◆ Work required: Beginning with the line where "this 1920×1280 image." occurs, set down each line of the records through the final one, exactly and without additions.

··· Records provided

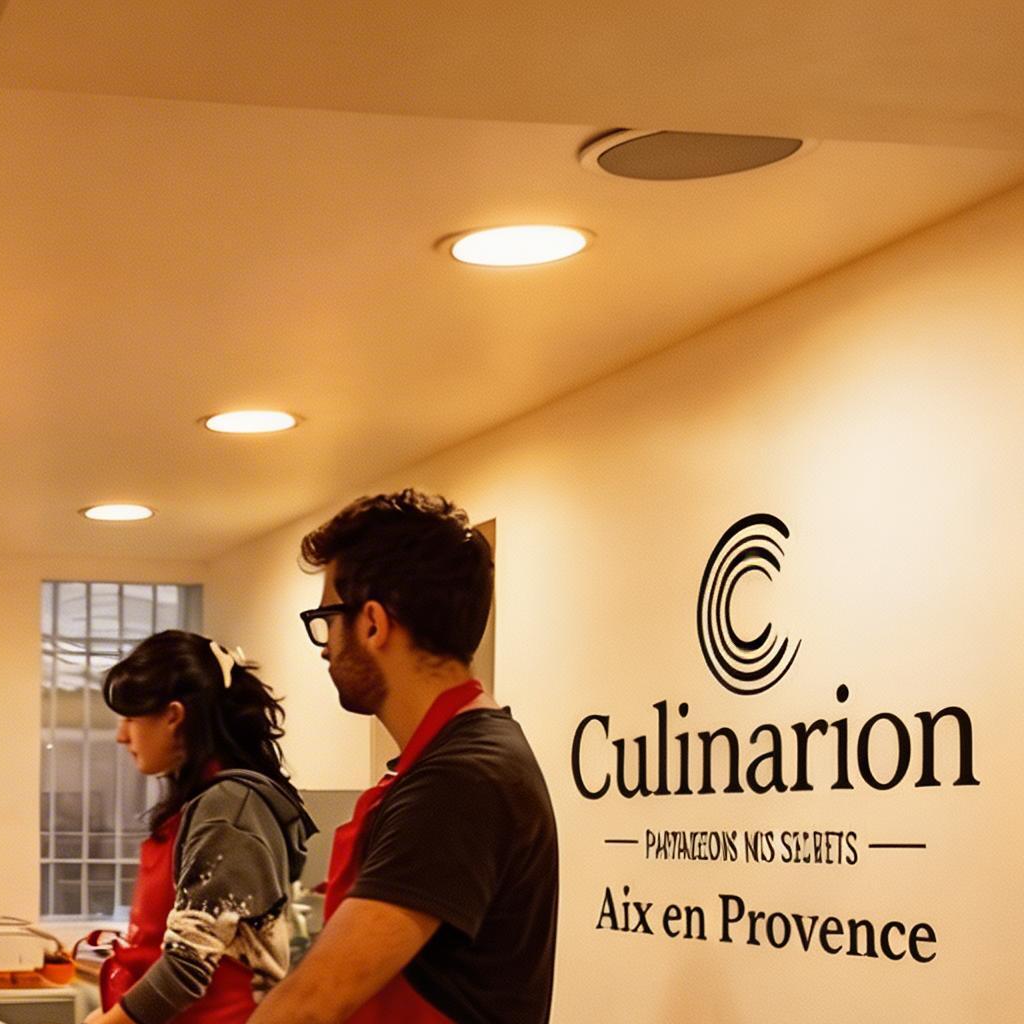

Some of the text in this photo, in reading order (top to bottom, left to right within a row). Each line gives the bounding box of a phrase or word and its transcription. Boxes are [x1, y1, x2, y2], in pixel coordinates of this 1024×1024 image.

[571, 683, 981, 801] Culinarion
[595, 885, 937, 964] Aix en Provence
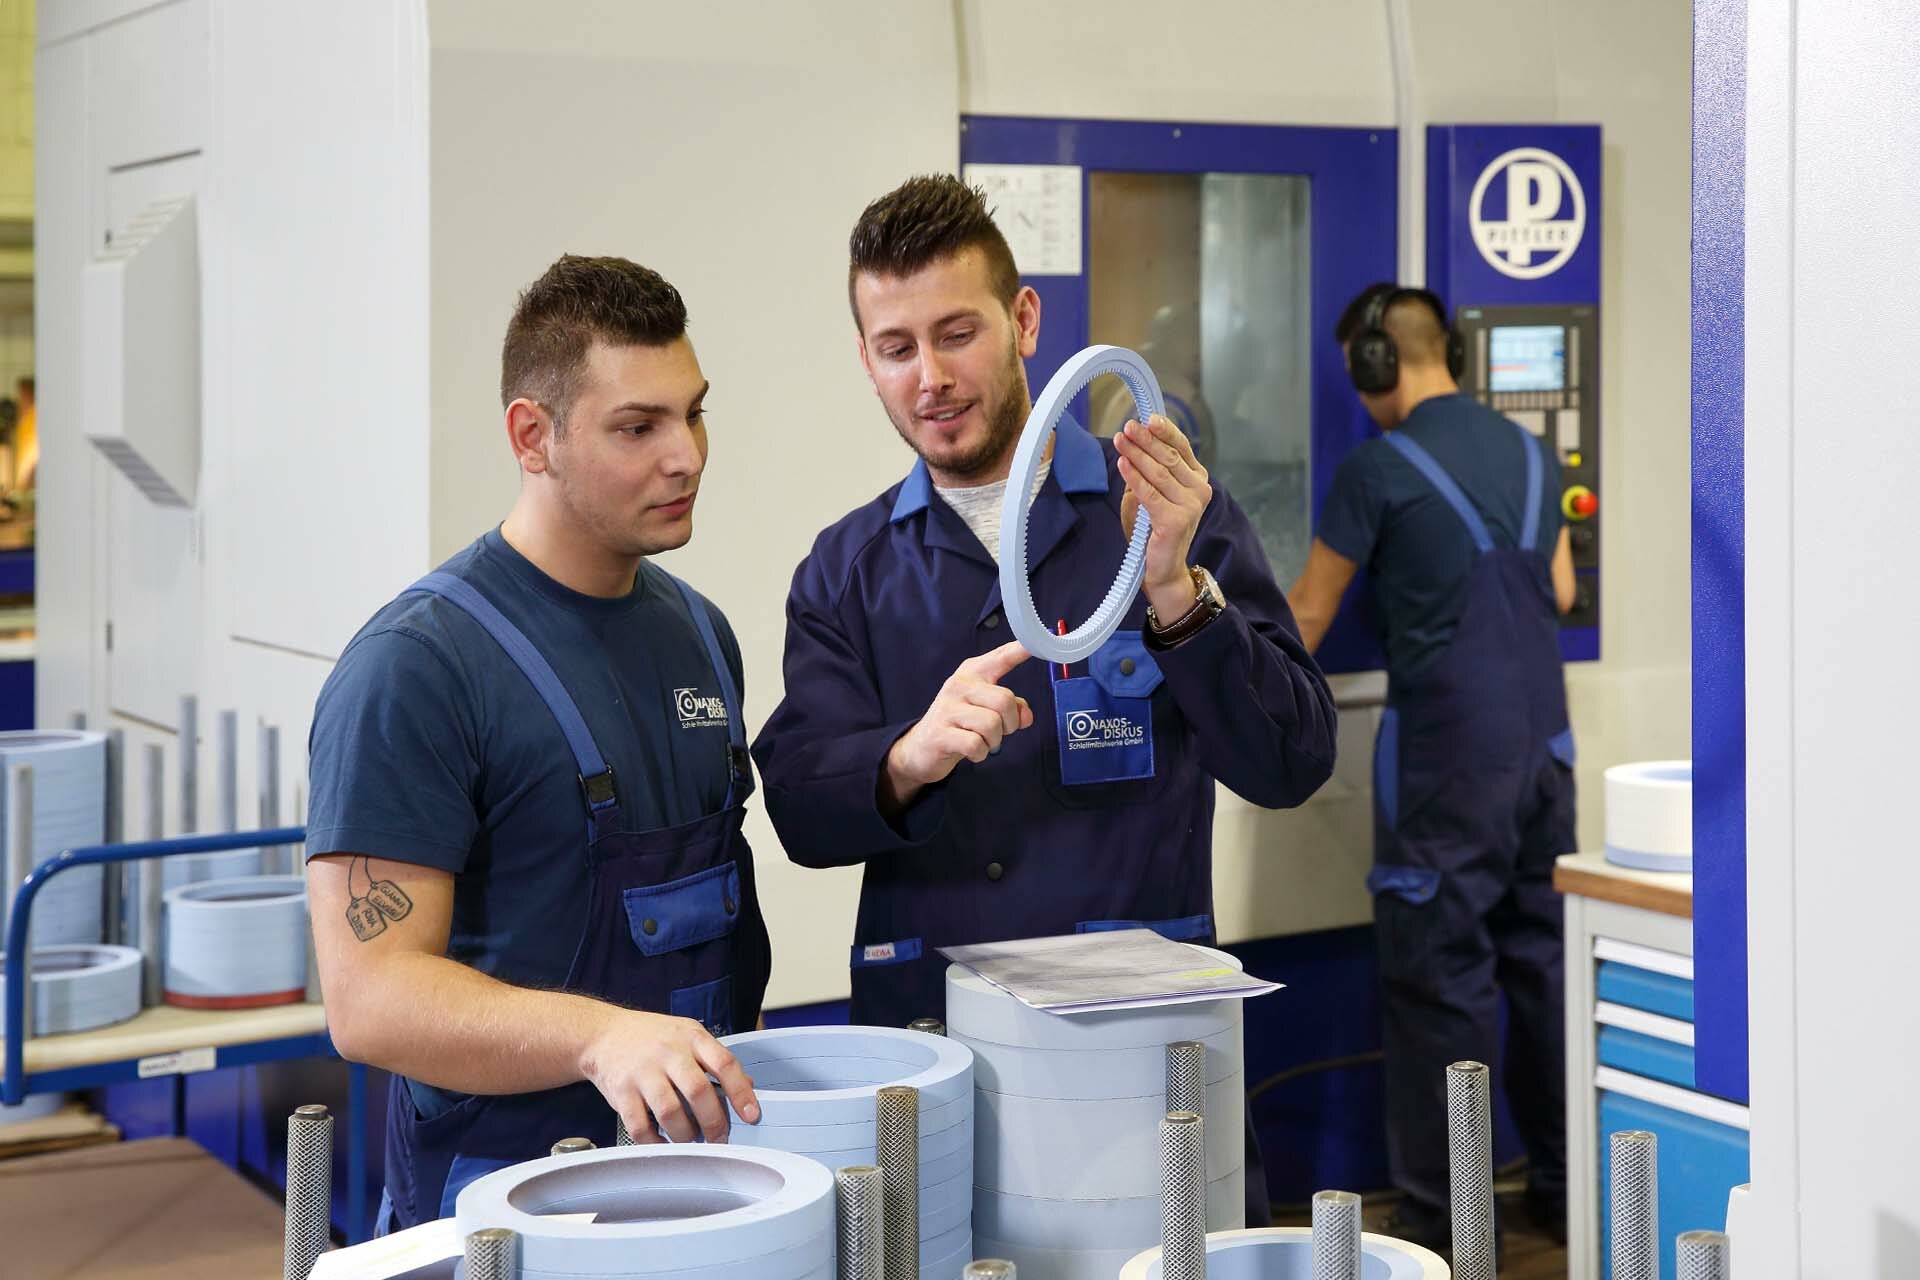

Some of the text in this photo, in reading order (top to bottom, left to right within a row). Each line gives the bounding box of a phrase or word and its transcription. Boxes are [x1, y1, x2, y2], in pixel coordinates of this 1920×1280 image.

[1091, 717, 1132, 730] NAXOS-
[1104, 726, 1144, 739] DISKUS
[1124, 737, 1144, 746] GmbH

······

◆ Your solution:
Some of the text in this photo, in reading order (top to bottom, left to right within a row). Each line gives the bounding box of a phrase or word and its transcription. Boxes are [x1, y1, x2, y2], in pixel coordinates of this 1920×1280 image.

[1091, 717, 1132, 730] NAXOS-
[1104, 726, 1144, 739] DISKUS
[1124, 737, 1144, 746] GmbH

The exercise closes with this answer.